シベリウスの3番かあ、聴きたいなあ、あれ?数日後?
慌ててチケットをゲット。3500円の席しかありませんでしたが我慢我慢。
子どもの学費とか考えると、あまりお金を使いたくないし。
久しぶりの芸術劇場。
人が多くて驚きました。
一曲目、ベートーヴェンのヴァイオリン協奏曲。
ソリストはヴェロニカ・エーベルレさん。
何しろ3階席なので何も見えないのですが、ふっくらとした不思議なドレスをお召しになっていました。
バリバリと弾くというより、特に弱音に注意して丁寧に演奏するという印象。
なので緊張度が高く、聞き終わって少し疲れました。
艶やかで明るい音で、余計なことはしない。
素直だなあとも。なので、すれっからしの私には、超絶技巧なんだけど、もう少しちょっと・・・・という印象も。
でもいい時間でした。
面白かったのがカデンツァがかなり特殊な演奏だったこと(作曲者がいて、イェルク・ヴィトマンさん)。
古典的な音楽に急に現代音楽が入り込んだみたいで聴きごたえがありました。
当時の聴衆はベートーヴェンを初めて聴いて時、「なんだこれは!」となったに違いない、その感覚を疑似的に今の時代に味あわせてくださっている、そんな風に思いました。
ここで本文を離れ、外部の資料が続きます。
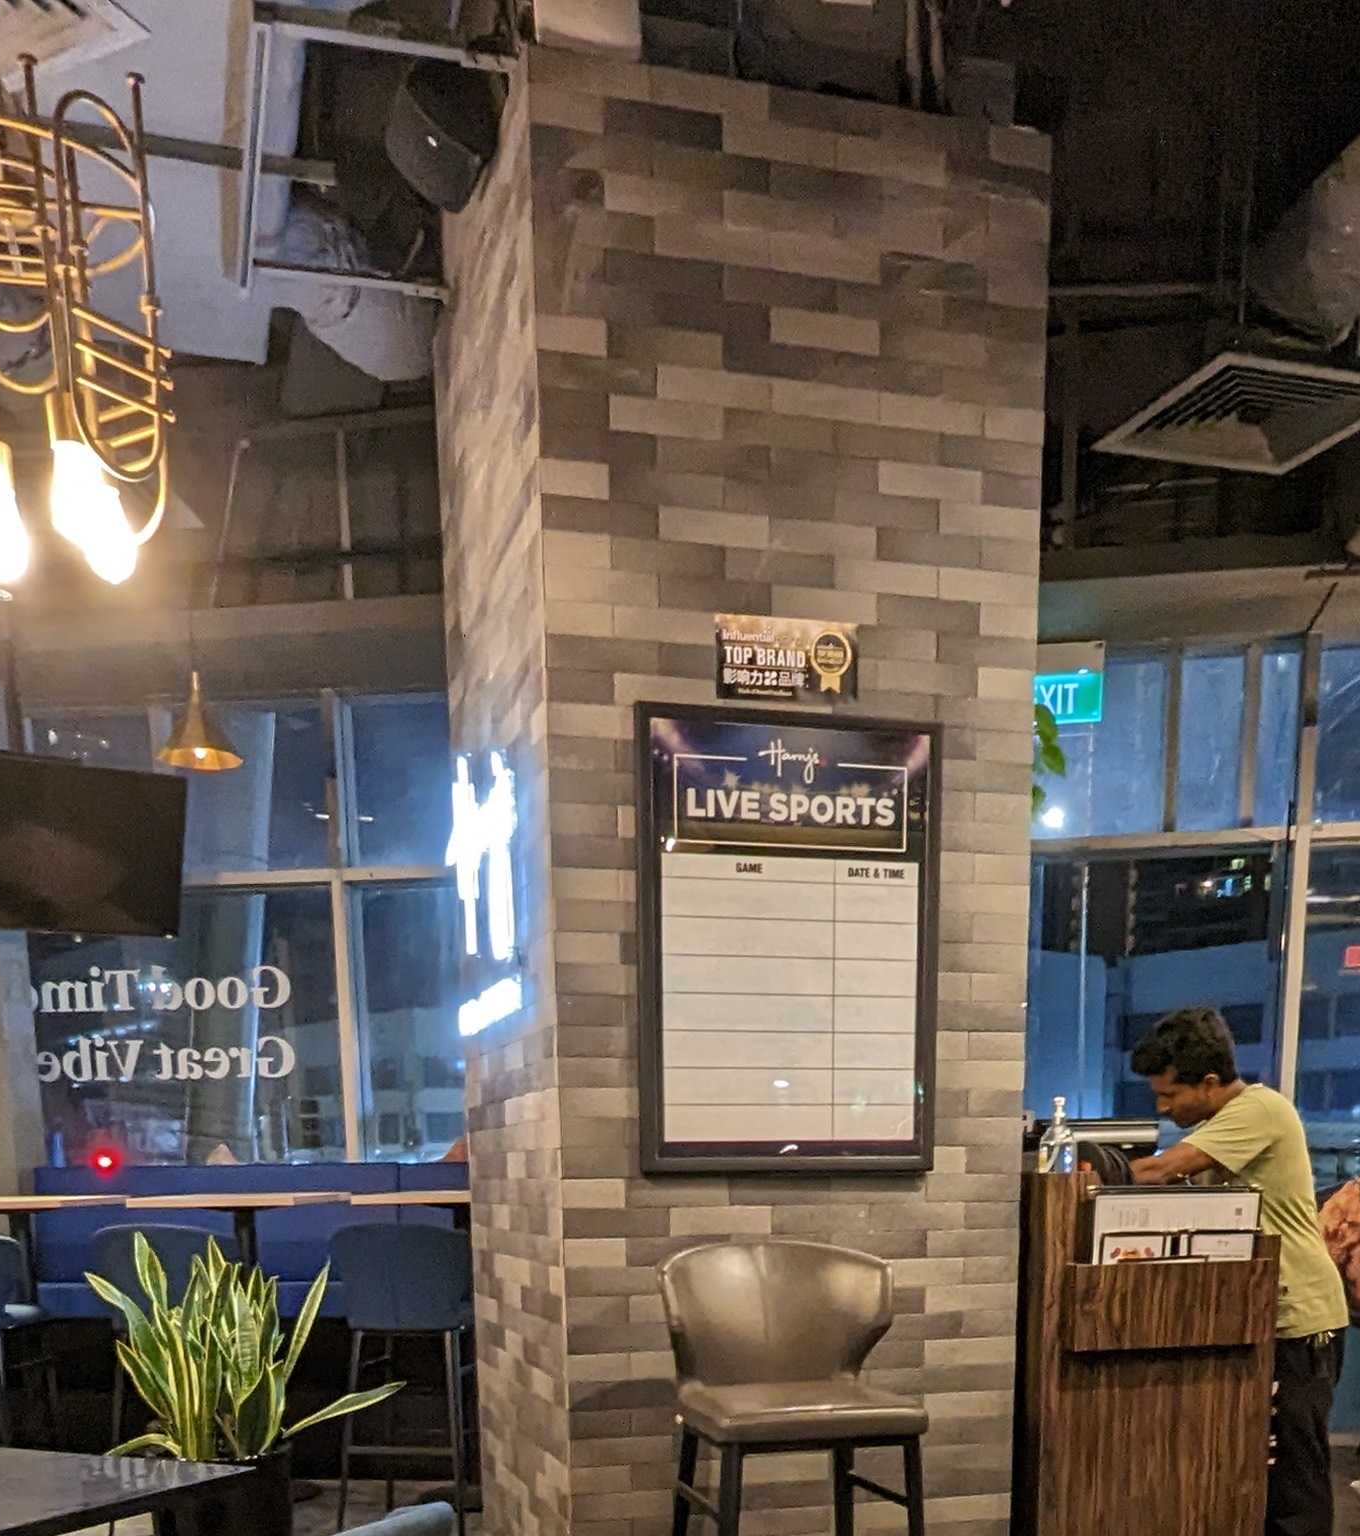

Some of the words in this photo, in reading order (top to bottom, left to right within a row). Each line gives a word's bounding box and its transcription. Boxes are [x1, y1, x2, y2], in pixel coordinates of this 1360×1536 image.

[723, 645, 753, 665] TOP
[756, 647, 806, 669] BRAND
[1034, 684, 1079, 714] XIT
[686, 788, 761, 822] LIVE
[769, 792, 896, 828] SPORTS
[736, 862, 763, 875] GAME
[848, 867, 870, 879] DATE
[873, 867, 880, 879] &
[883, 868, 906, 880] TIME
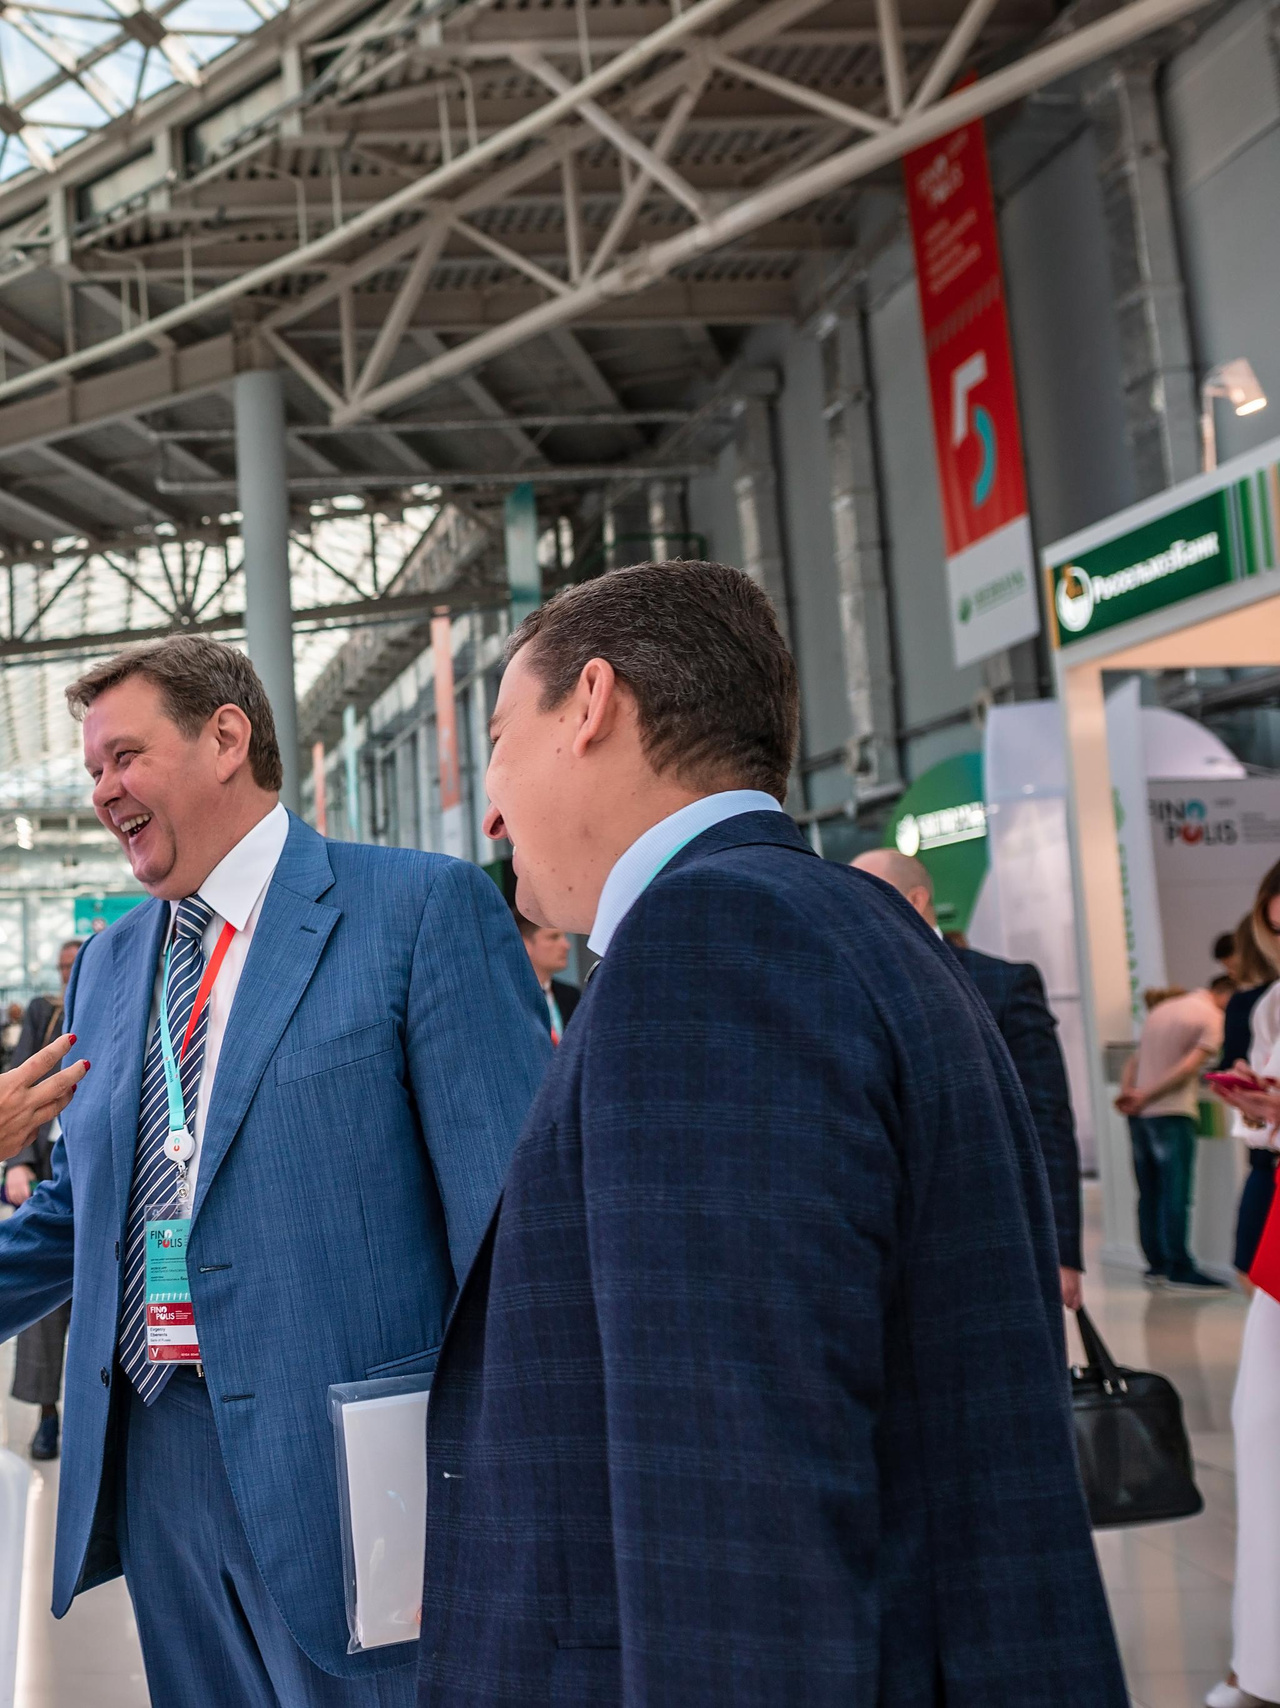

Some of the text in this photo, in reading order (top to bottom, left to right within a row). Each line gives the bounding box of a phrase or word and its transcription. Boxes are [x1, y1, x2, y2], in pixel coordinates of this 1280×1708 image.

[150, 1229, 173, 1240] FINO
[157, 1238, 183, 1249] POLIS
[150, 1306, 167, 1314] FINO
[156, 1312, 175, 1320] POLIS
時々、エーベルレさんが足をばん!と踏むのですが、これはそういう楽譜の指示なのか、彼女の癖なのか不明です。
二曲目、これを聴きに来た!シべリウス3番。
とにかく美しい。それから暖かい。
うるさくならないし、小細工なし。
第一楽章は、あれー3番ってこんなに分厚い音になるんだーと新鮮は気持ちで聴きました。
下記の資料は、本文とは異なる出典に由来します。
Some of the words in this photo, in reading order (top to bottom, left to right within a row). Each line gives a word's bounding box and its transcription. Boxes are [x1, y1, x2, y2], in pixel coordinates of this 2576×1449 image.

とはいえ、繰り返しますがすれっからしな私には、派手さもなく細かな音の構造を見せるような演奏でもなく、「ふつー?」と思っていたのですが、第二楽章あたりから、神経質過ぎず柔らかな演奏に、ああ、これもいいかも・・・と思いなおしました。
感動したのは第三楽章。
ベートーヴェンの第九のような構造で、前楽章の主題を繰り返し、その後に音が混沌として、とうとう主題が姿を現す。
ここを、どーんとどうだ!とオーケストラを鳴らすのではなく、そっと差し出すように慎ましやかな、しかし力強い演奏から始め、徐々に音量(音圧)を高めていく。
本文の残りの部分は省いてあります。